Song by Oasis

from the album The Masterplan
- A-side: "Cigarettes and Alcohol"
- Released: 18 September 1994
- Recorded: 1993
- Studio: Loco Studios, Wales
- Genre: Punk rock
- Length: 4:13
- Label: Creation Records
- Songwriter: Noel Gallagher
- Producers: Owen Morris, Oasis

= Fade Away (Oasis song) =

"Fade Away" is a song by English rock band Oasis, written by lead guitarist and principal songwriter Noel Gallagher. Originally released as a B-side to the 1994 single "Cigarettes & Alcohol", it was later included on the B-sides compilation album The Masterplan in 1998. Though not released as a standalone single, "Fade Away" gained popularity among fans and became a staple of the band's early sound.

== Background and recording ==
"Fade Away" was recorded in 1993 at Loco Studios in Wales during the sessions for Oasis's debut album, Definitely Maybe. Despite its energy and thematic similarity to other songs on the album, it was ultimately left off the final tracklist. Instead, it appeared as the third B-side on the "Cigarettes & Alcohol" single, released in September 1994.
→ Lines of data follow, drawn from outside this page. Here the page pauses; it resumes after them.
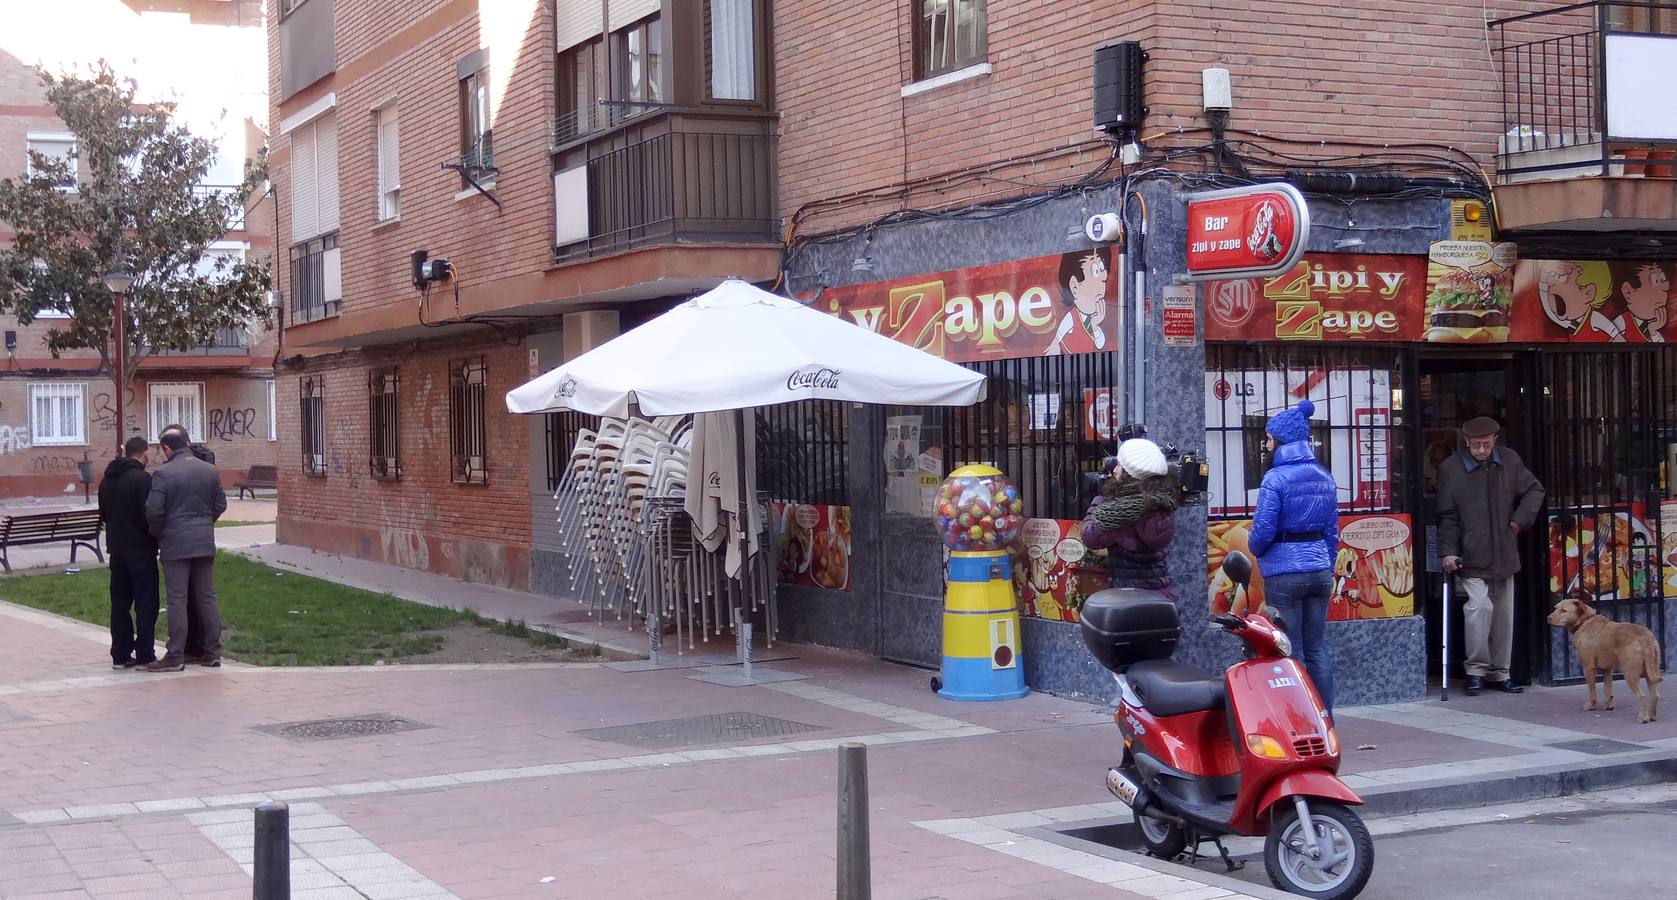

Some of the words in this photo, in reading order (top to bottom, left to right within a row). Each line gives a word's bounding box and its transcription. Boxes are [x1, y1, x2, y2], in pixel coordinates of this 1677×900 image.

[1204, 216, 1229, 232] Bar
[1191, 241, 1208, 253] zipi
[1210, 242, 1217, 252] y
[1218, 238, 1241, 251] zape
[1264, 260, 1370, 297] Zipi
[1375, 271, 1405, 297] y
[889, 279, 1055, 358] Zape
[1165, 311, 1193, 319] Alarma
[1275, 301, 1399, 339] Zape
[787, 368, 842, 391] Coca-Cola
[1235, 383, 1255, 397] LG
[1342, 532, 1371, 541] PERRITO
A notable acoustic version of the song, with Noel Gallagher as lead singer and Liam Gallagher on backing vocals, was recorded for the 1995 charity compilation Help!, which supported the War Child charity. This version was praised for its stripped-down emotional delivery and is considered one of the highlights of the compilation.

== Composition and lyrics ==
The lyrics of "Fade Away" reflect themes of lost youth and disillusionment, echoing Noel Gallagher's working-class upbringing and experiences in 1990s Britain. The track's upbeat tempo and raw guitar riffs contrast with its melancholic message. It's chorus opens with the lines:

"While we're living, the dreams we had as children fade away..."
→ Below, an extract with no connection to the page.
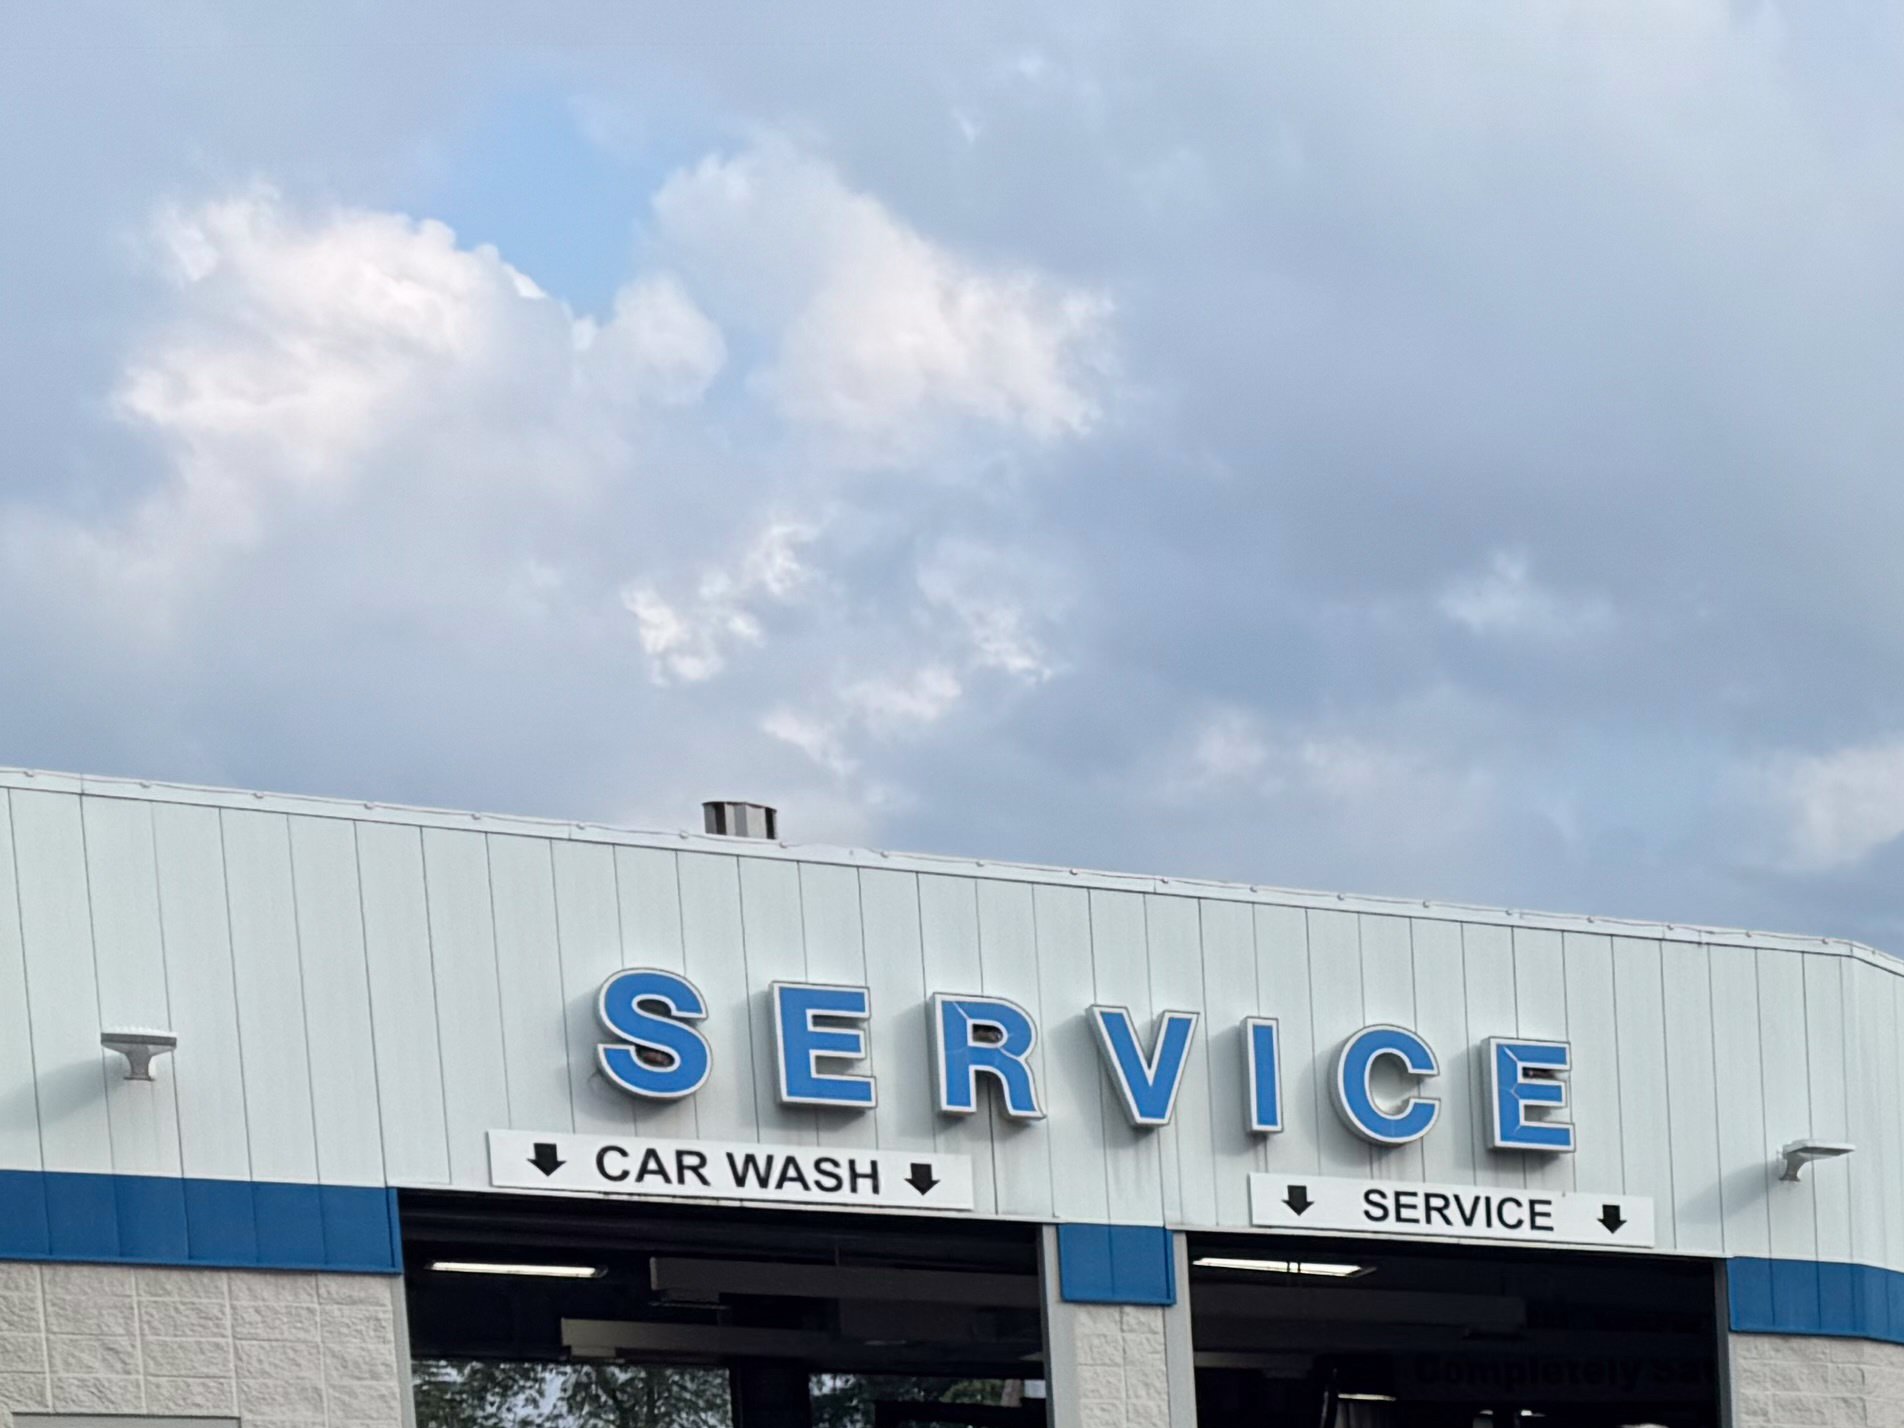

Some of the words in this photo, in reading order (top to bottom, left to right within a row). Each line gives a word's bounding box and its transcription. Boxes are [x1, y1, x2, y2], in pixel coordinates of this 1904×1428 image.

This line would later be repurposed as the title for the 2009 live album by Noel Gallagher in support of Teenage Cancer Trust The Dreams We Have as Children – Live at the Royal Albert Hall.

== Reception ==

"It's one of Noel's early classics—bitter, loud, and true. You could build a whole album around songs like this."
— —Q magazine retrospective review of The Masterplan

Though "Fade Away" was not released as a single, it became a fan favorite and received praise from critics for its energy and lyrical directness. It has since been cited as one of Oasis's best B-sides, alongside tracks like "Acquiesce" and "The Masterplan".

== Live performances ==
"Fade Away" was played regularly during Oasis's early tours and occasionally appeared in acoustic solo sets by Noel Gallagher. The full-band version was part of the setlist during the Definitely Maybe tour, and the acoustic version gained popularity after its inclusion on Help! in 1995. The band included the song in the setlist of their Live 25' tour.

== Personnel ==
=== Oasis version ===
- Liam Gallagher – lead vocals
- Noel Gallagher – lead guitar, backing vocals
- Paul Arthurs – rhythm guitar
- Paul McGuigan – bass guitar
- Tony McCarroll – drums

=== Acoustic version (Help! album) ===
- Noel Gallagher – vocals, acoustic guitar
- Liam Gallagher – backing vocals
- Johnny Depp – guitar
- Kate Moss – tambourine
- Lisa Moorish – backing vocals.

== Legacy ==
"Fade Away" is widely regarded as one of Oasis's strongest B-sides. In fan polls and retrospectives, it often appears near the top of lists highlighting the band's non-album material. Noel Gallagher has cited it as one of his personal favorites from that period.

== Certifications ==

Certifications for "Fade Away"
| Region | Certification | Certified units/sales |
| United Kingdom (BPI) Sales since 2004 | Silver | 200,000^{‡} |
^{‡} Sales+streaming figures based on certification alone.